Make no mistake: inflation remains a real threat. The pathway of central bank hikes could yet cause more market carnage. But what if, reacting to the liftoff from zero rates, the bulk of the bear market has already occurred? A large market adjustment happened in the first half of 2022, pricing in lower earnings and higher inflation expectations. After the extreme levels of pessimism registered in June, it would not be rare for markets to climb the proverbial “wall of worry” from here. The bar has been set low to deliver positive surprises.
Yet there is a glaring dynamic in today’s market positioning. Investors, still enamoured with the narrow leadership of the last decade, continue to “buy the dip” in US growth and tech stocks and, mind-bogglingly to us, government bonds in the West. The real issue is that most investors remain anchored to the secular stagnation period after 2008. In other words, most simply do not believe we can ever escape low interest rates. And so, the world capital of hot money remains in the perceived safest country — the US; a region where a decade-long tear in the 2010s has led to lofty valuations and a swollen share of global stock market capitalization of over 60%, from a low of 45% (and, a level far above its roughly 25% of global GDP).

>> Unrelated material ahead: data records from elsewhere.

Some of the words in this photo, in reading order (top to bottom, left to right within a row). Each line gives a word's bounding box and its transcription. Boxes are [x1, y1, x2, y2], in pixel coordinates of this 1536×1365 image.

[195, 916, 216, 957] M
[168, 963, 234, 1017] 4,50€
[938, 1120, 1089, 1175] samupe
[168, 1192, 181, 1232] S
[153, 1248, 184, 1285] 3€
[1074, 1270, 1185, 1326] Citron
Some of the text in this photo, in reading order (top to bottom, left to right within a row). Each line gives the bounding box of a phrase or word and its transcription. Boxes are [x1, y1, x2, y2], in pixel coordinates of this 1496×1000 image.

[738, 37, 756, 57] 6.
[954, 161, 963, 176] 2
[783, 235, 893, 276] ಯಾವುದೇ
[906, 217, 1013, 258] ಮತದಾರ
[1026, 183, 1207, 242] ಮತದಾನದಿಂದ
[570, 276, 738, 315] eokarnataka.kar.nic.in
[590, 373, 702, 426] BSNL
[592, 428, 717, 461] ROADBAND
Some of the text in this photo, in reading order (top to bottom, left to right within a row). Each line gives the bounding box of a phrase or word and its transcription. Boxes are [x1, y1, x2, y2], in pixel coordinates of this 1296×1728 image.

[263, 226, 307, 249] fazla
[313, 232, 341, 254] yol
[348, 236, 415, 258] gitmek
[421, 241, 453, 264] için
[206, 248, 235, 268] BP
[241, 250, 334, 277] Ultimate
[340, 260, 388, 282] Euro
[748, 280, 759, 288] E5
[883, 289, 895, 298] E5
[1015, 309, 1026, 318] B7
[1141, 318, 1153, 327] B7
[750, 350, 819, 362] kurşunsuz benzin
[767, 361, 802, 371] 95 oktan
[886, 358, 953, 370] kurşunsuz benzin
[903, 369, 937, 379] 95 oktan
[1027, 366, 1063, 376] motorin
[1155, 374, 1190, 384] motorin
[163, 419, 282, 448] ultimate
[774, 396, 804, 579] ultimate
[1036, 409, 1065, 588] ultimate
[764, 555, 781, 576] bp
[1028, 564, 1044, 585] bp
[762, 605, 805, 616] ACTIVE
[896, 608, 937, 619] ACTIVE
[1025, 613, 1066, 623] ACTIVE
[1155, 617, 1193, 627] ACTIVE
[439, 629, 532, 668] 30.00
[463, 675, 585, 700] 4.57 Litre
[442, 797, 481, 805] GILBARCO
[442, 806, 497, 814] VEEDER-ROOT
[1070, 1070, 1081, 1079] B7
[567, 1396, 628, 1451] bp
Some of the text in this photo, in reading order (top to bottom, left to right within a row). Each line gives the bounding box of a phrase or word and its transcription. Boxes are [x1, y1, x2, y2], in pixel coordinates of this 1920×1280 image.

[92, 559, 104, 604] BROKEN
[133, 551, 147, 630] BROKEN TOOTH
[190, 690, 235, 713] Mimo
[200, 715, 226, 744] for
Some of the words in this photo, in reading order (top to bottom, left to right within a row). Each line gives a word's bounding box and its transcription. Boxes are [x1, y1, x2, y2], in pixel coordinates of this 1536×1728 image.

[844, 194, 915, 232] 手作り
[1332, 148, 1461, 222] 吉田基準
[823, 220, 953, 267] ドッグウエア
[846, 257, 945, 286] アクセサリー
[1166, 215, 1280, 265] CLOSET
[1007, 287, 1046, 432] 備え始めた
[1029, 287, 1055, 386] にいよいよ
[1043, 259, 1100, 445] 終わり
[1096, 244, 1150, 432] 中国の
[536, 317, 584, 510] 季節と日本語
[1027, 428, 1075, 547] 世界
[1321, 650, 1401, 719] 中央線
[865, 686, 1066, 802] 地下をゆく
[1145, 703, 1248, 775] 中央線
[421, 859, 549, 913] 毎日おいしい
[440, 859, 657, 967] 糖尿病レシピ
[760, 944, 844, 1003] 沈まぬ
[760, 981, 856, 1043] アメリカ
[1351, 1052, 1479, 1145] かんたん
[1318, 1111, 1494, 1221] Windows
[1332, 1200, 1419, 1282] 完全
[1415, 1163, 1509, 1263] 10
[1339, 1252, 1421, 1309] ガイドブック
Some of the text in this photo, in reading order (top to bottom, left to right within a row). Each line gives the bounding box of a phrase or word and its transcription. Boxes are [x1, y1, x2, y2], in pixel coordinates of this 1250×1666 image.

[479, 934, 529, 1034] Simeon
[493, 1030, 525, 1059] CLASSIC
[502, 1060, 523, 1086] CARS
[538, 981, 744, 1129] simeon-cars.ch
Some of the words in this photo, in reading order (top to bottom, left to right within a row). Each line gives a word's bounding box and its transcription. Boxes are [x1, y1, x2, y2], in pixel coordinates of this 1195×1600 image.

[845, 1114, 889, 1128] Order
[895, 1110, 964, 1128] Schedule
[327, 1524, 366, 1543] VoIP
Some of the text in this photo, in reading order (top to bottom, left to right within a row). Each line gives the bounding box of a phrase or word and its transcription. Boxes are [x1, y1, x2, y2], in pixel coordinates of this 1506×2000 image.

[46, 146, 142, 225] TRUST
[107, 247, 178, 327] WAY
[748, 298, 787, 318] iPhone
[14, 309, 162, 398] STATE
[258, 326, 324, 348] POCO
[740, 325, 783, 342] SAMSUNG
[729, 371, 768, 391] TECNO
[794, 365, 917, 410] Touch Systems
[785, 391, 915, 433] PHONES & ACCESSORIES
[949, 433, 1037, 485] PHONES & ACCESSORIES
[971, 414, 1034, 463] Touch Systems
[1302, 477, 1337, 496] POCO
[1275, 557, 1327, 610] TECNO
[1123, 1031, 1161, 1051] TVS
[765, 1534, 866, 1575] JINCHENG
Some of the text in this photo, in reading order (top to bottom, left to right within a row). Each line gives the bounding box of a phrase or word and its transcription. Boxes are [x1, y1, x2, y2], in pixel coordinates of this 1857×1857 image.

Comparatively, many investment classes that had struggled with chronically weak demand and dismal pricing power in the era of low inflation are primed for outperformance: international value stocks which trade on far lower multiples and far higher dividend yields, select resource-exporting emerging market equities and global sectors with pricing power (banks, industrials, healthcare).
Investors should feel relief with all of this. Having wandered through a desolate landscape of low yields over the last decade (feeling like an extra in a Mad Max movie), the world is now normalizing. Higher returns lie ahead — but only if investors reorient portfolios away from those investment classes that needed zero rates to thrive and towards those that have languished over the last decade.